Repeat the following data exactly, omitting pictures.

════

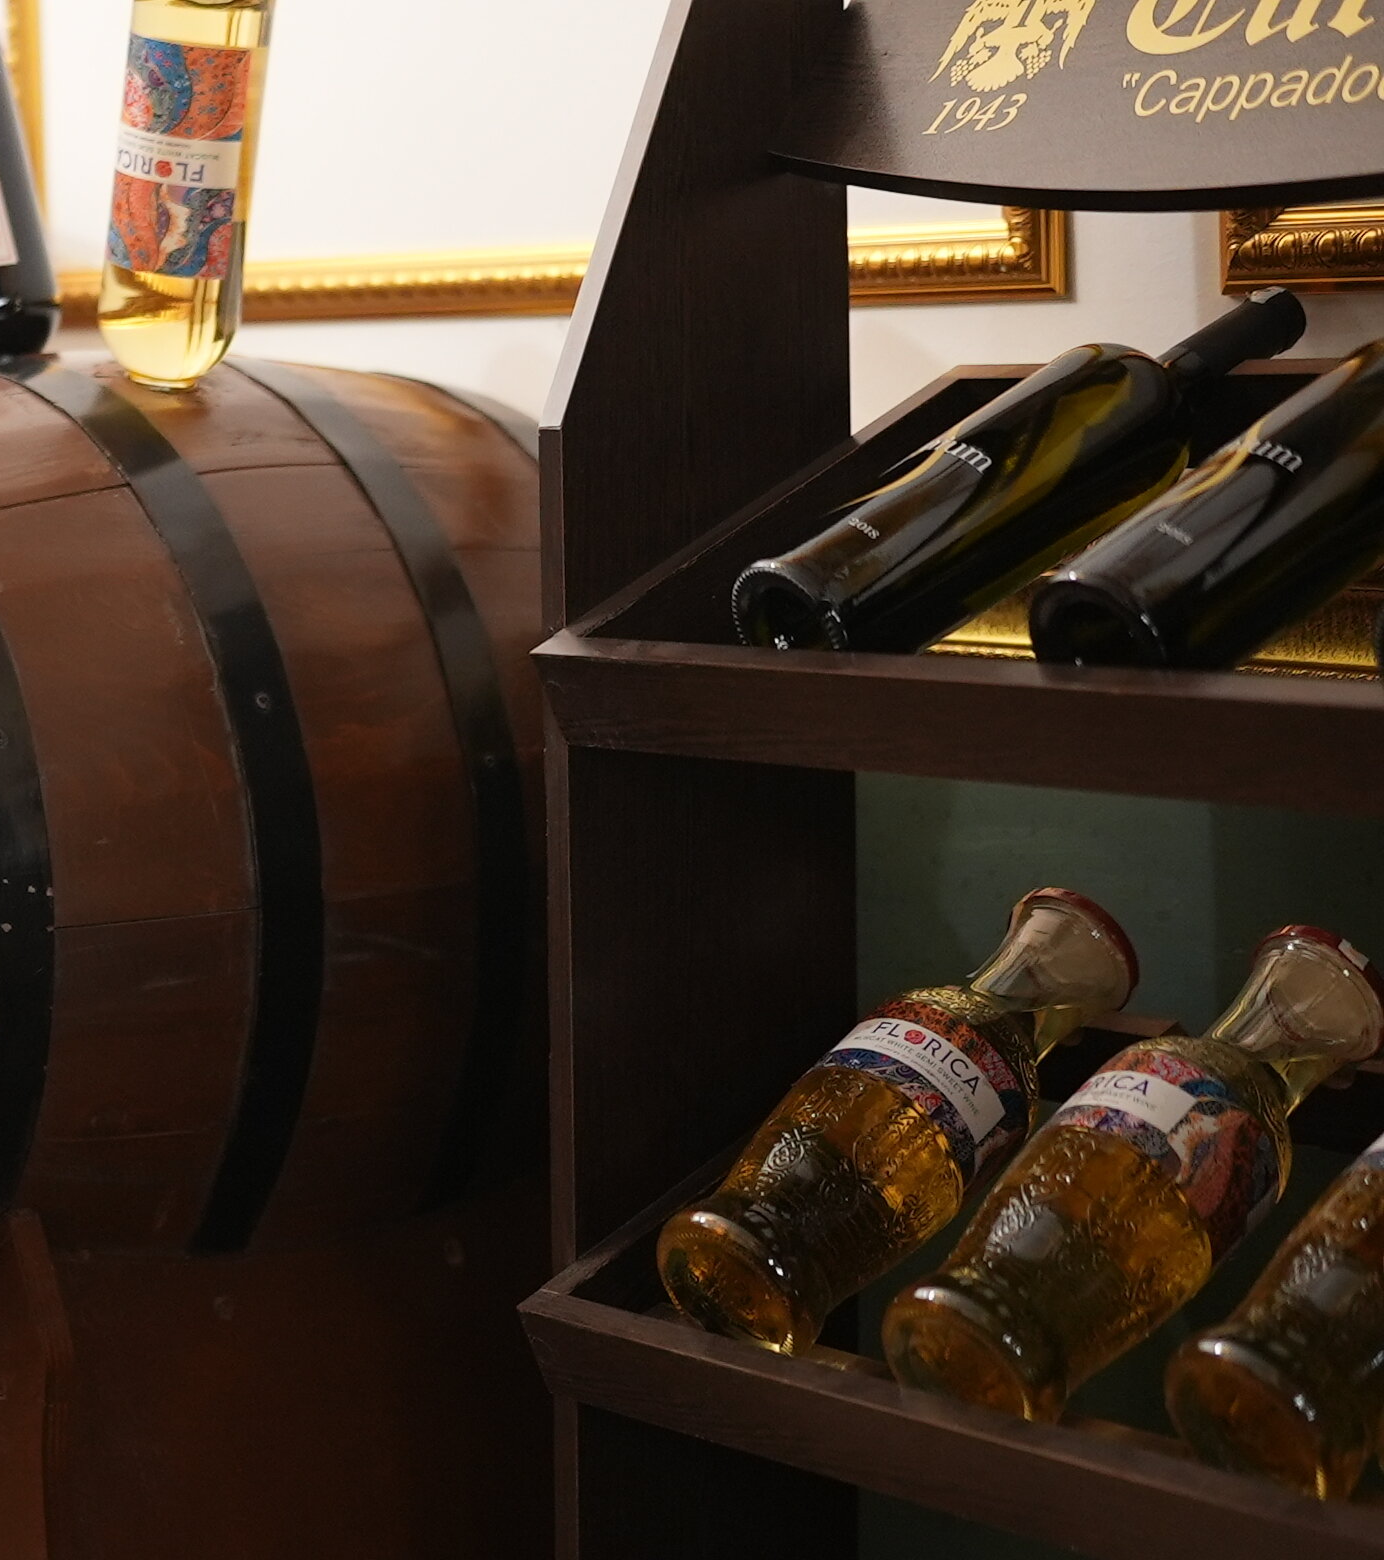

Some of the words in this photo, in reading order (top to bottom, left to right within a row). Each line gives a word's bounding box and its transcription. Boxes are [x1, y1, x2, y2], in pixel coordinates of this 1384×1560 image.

[922, 92, 1027, 135] 1943
[1122, 54, 1384, 123] "Cappado
[872, 1021, 983, 1097] FLORICA
[916, 1051, 936, 1069] SEMI
[937, 1066, 965, 1095] SWEET
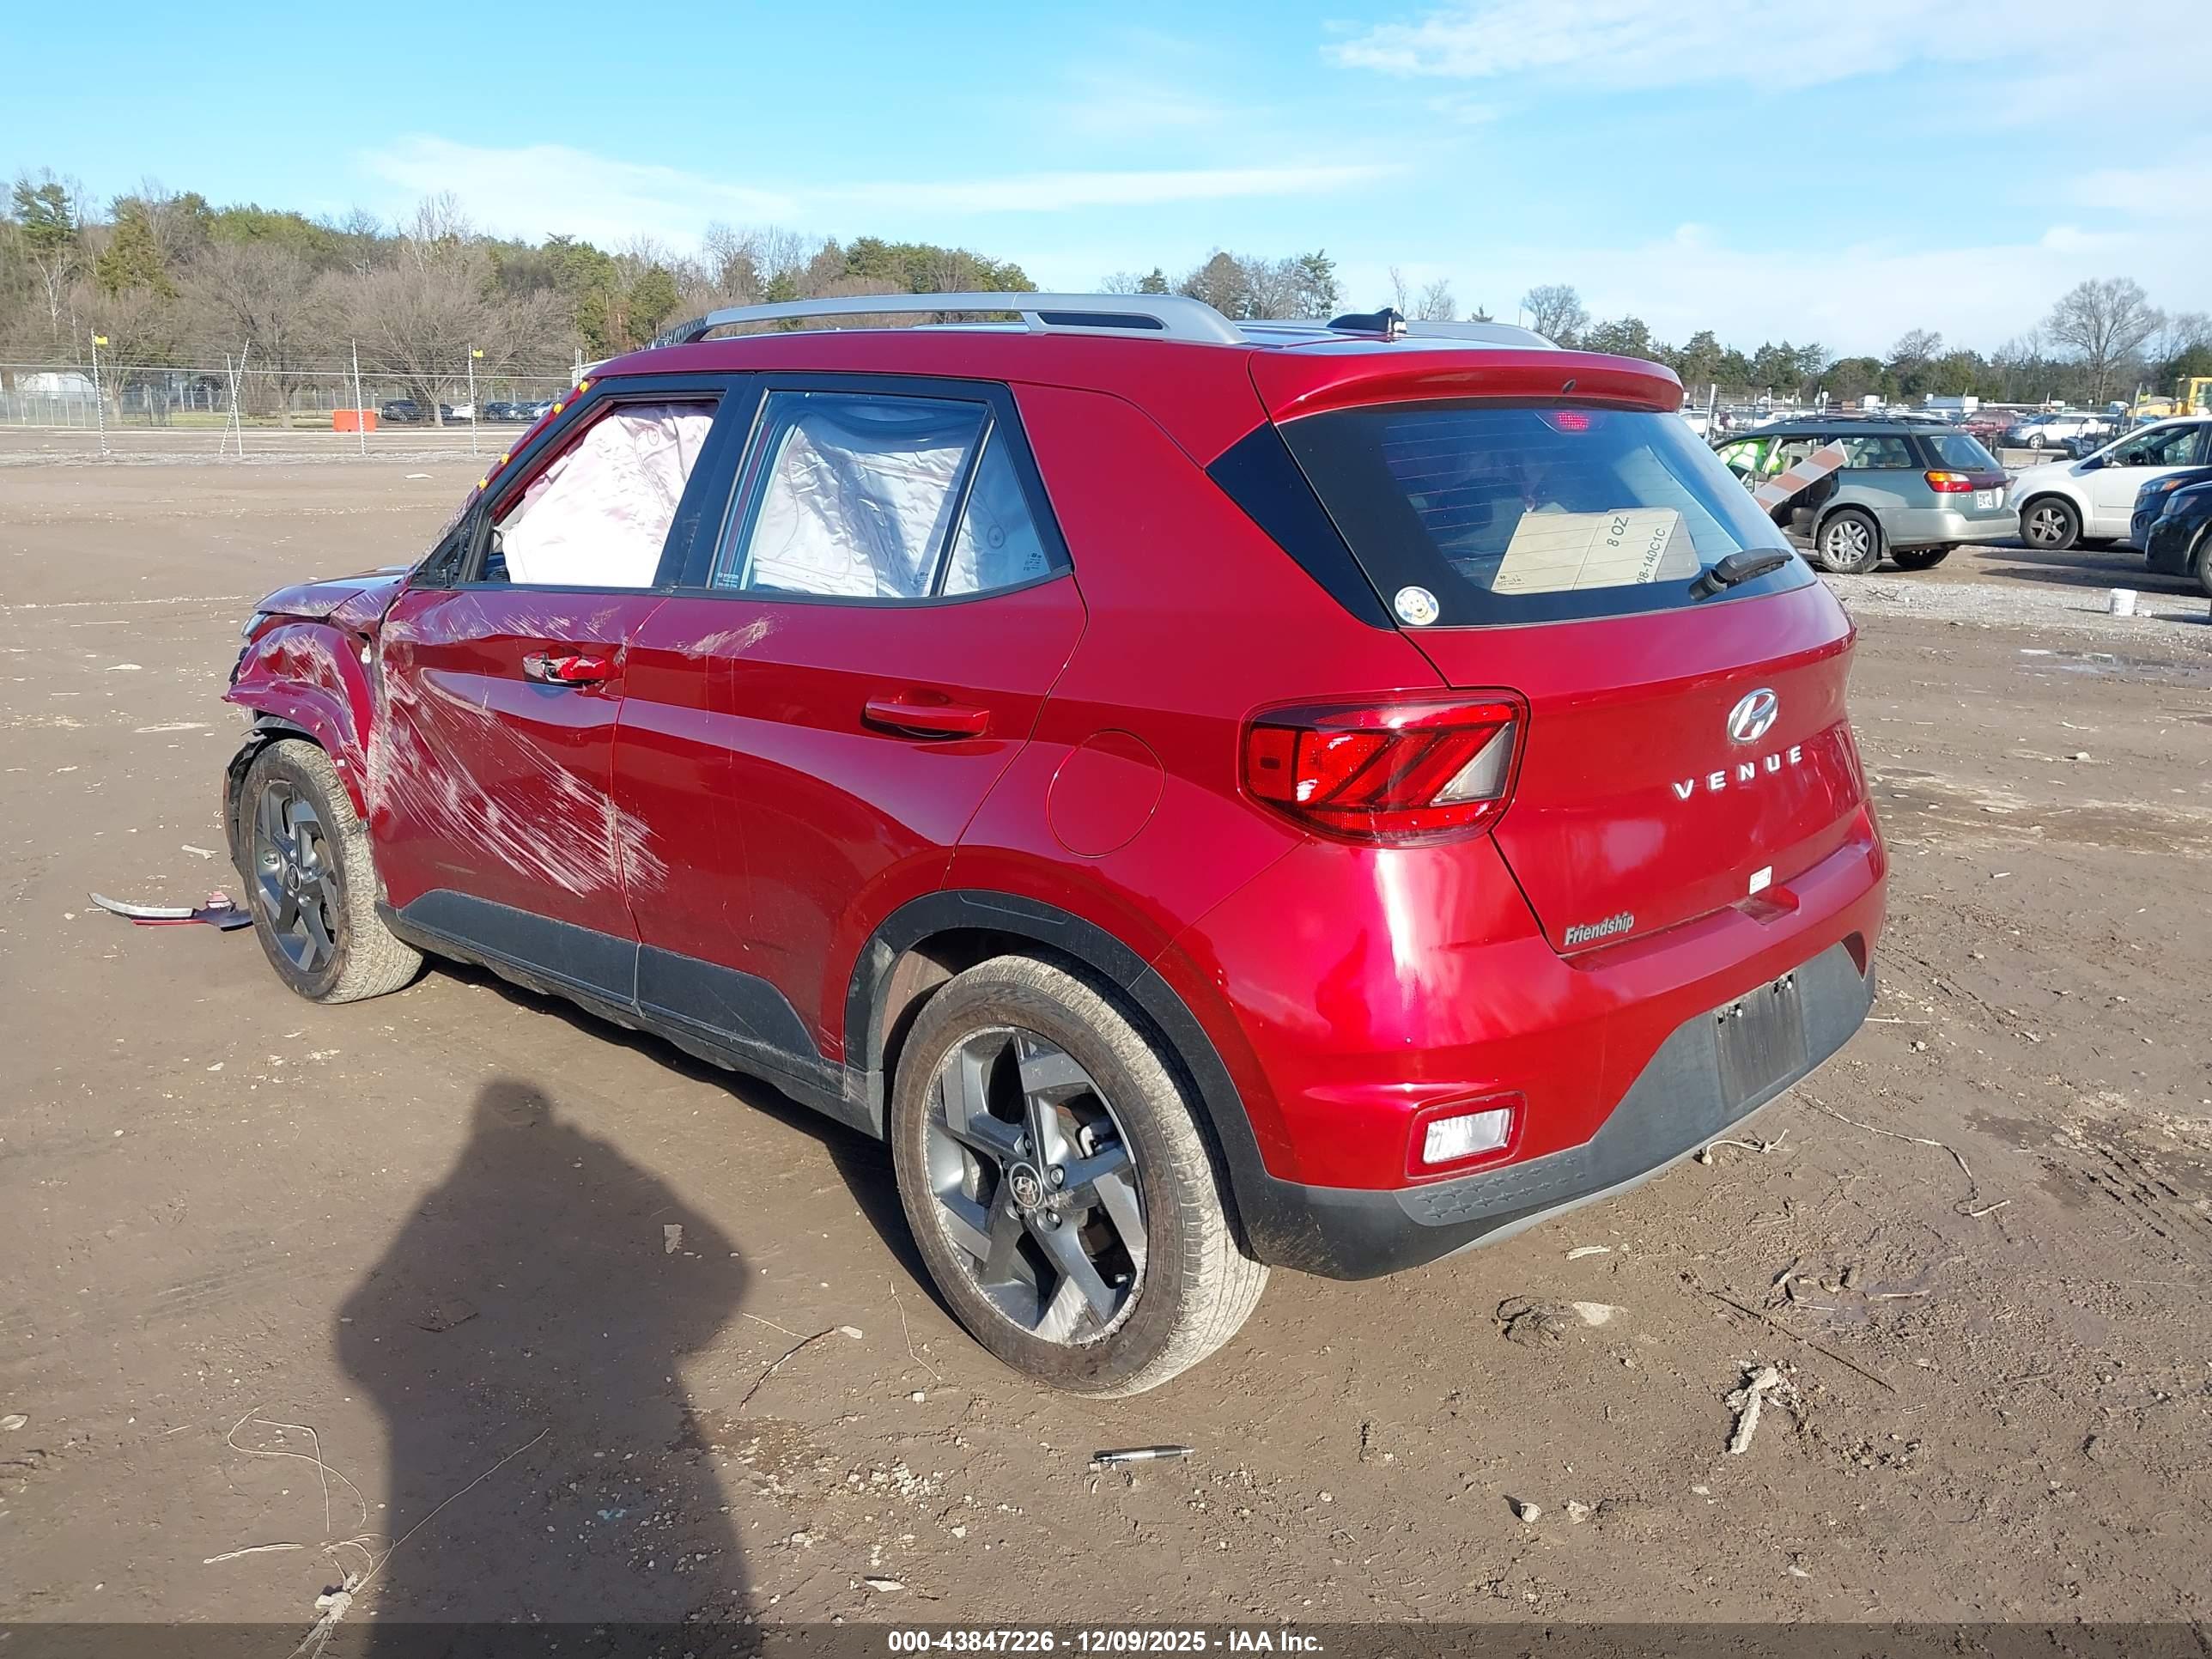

════

**Answer to the exercise**
Some of the words in this photo, in reading order (top to bottom, left to right within a row). Each line gives a word's bounding box and its transcription. Boxes are [x1, y1, x2, y2], in pixel coordinates of this 1384×1560 image.

[922, 92, 1027, 135] 1943
[1122, 54, 1384, 123] "Cappado
[872, 1021, 983, 1097] FLORICA
[916, 1051, 936, 1069] SEMI
[937, 1066, 965, 1095] SWEET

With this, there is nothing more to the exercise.